The Graduate Record Examination (GRE), a standardized test required for admission to most advanced degree programs in the humanities and sciences, is not doing its job, according to the company that administers it.

While the GRE continues to perform its straightforward academic purpose—filtering qualified applicants by a standard metric for math and language skills—it’s failing in a social function it wasn’t designed to perform, vice president of the Exam Testing Service (ETS) David Payne told Inside Higher Ed. Payne doesn’t want to see the test abandoned by graduate admissions, per se, but he does worry its rampant “misuse” by admissions departments may be responsible for a lack of diversity in academia. Take one example cited in Inside Higher Ed’s story:

The publication of Inside Graduate Admissions: Merit, Diversity and Faculty Gatekeeping (Harvard University Press). Julie R. Posselt, the author and an assistant professor of higher education at the University of Michigan, observed doctoral admissions committees of top programs in different disciplines, granting them anonymity if they would let her see everything. The book documents that many leading departments, despite saying otherwise, are reluctant to admit anyone who does not have extremely high GRE scores. Payne said he found the book persuasive and feared this was true not only for the top programs Posselt examined, but for many others as well.

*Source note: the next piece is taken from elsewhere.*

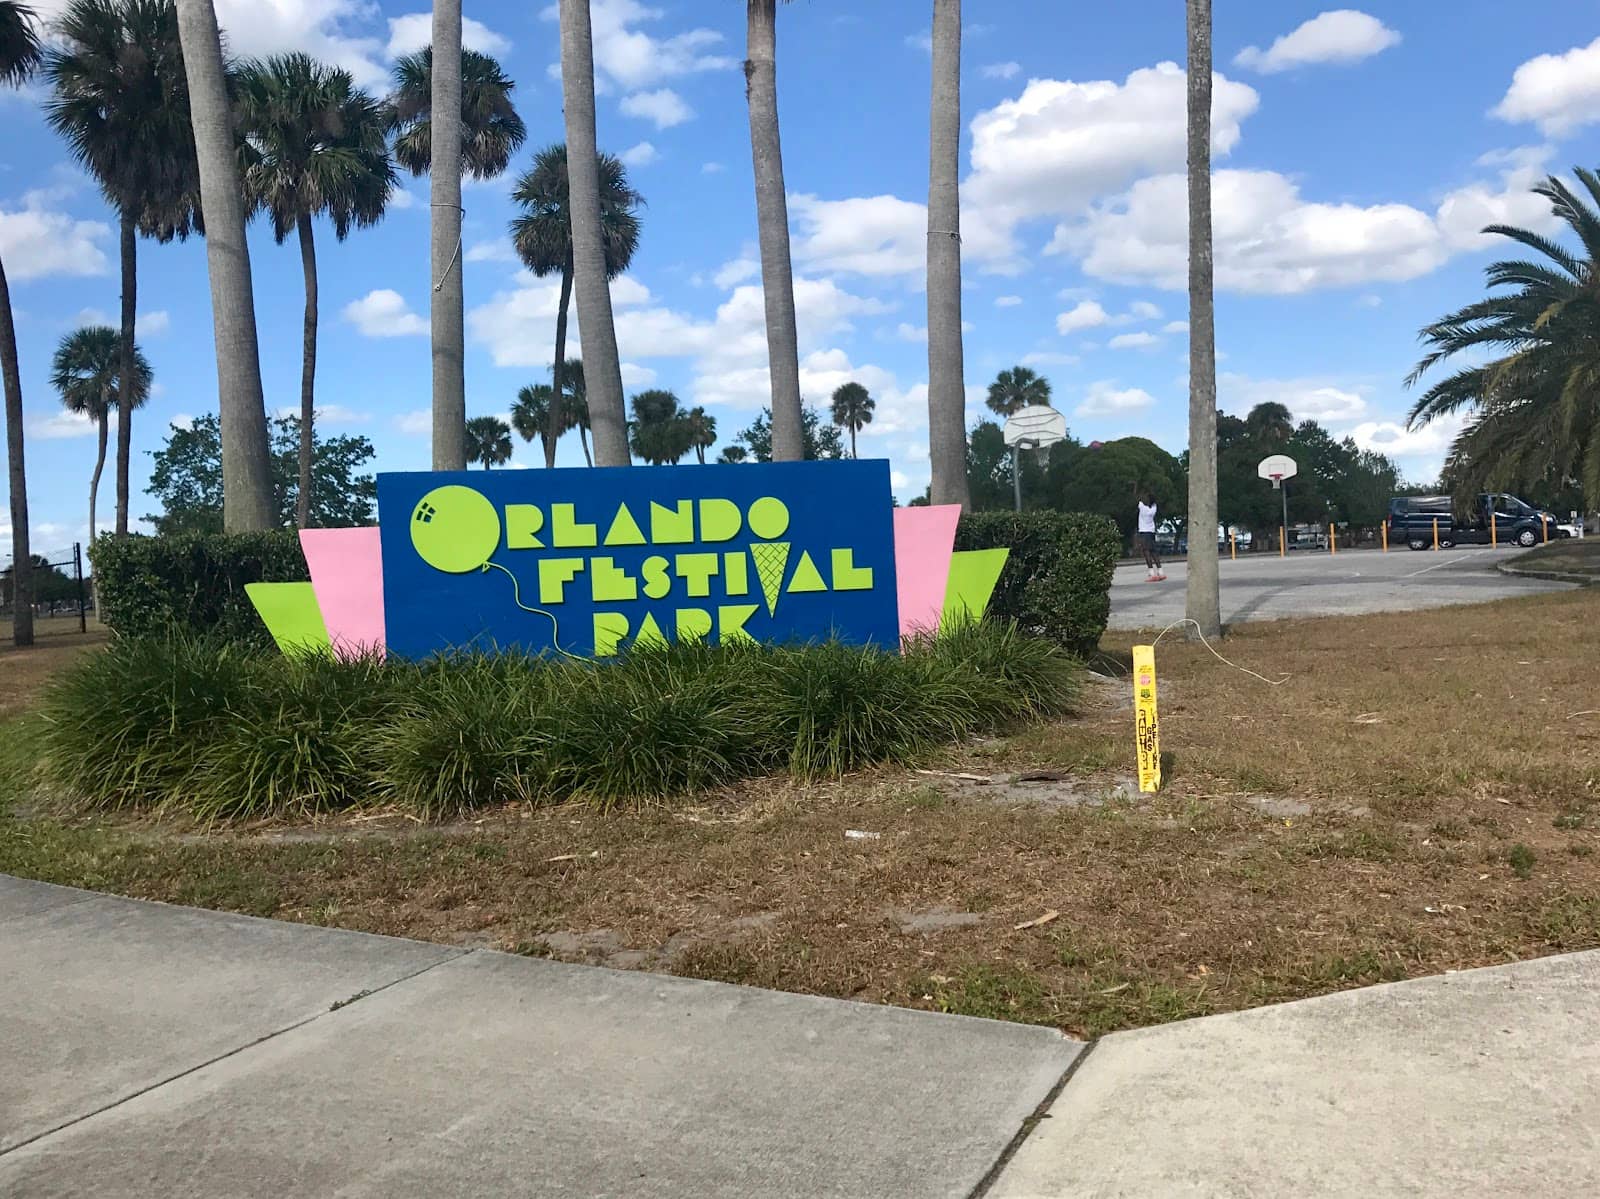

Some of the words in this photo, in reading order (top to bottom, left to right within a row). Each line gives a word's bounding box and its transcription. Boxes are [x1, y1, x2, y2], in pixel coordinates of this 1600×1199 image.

[410, 485, 791, 574] ORLANDO
[538, 542, 874, 618] FESTIVAL
[593, 604, 763, 656] PARK
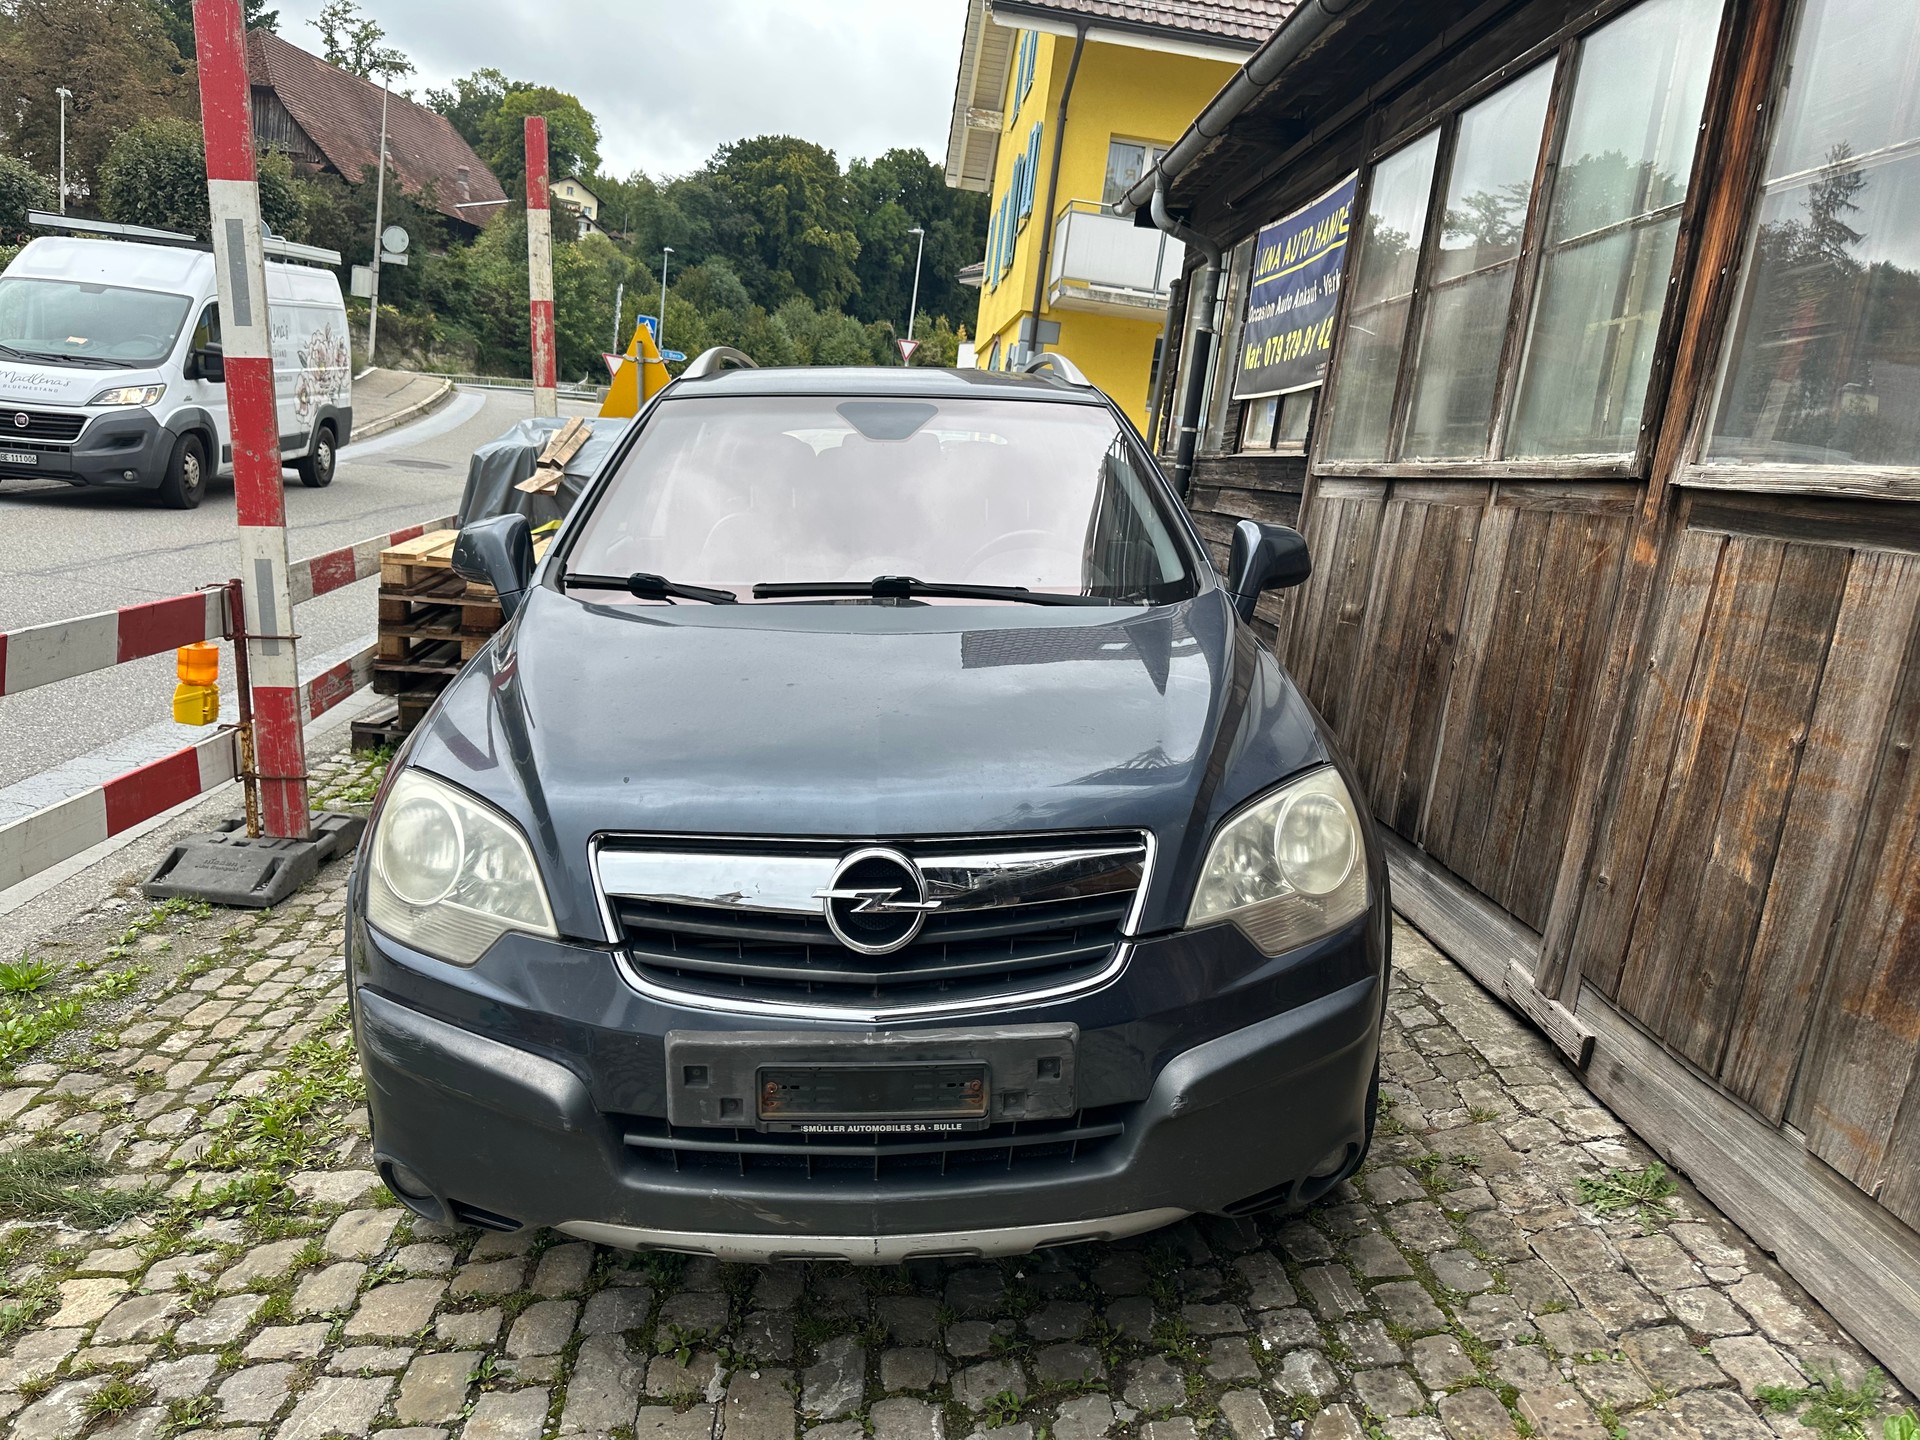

Citing the findings, ETS has taken a hard look at its own role in a failure to diversify the groves of academe: “[Payne] also noted that the various biases Posselt uncovered (an obsession with both elite undergraduate colleges and a high narrow band of acceptable GRE scores) both hinder the enrollment of minority and female candidates.”

And, in righteous response, the testing service is proposing research to prove its relative unimportance to grad schools. Payne said ETS will begin guiding graduate departments away from a preference for students with the most elite test scores. The reason: he believes future research will reveal that admitted students with slightly lower scores than a program’s acceptable norm will do just as well.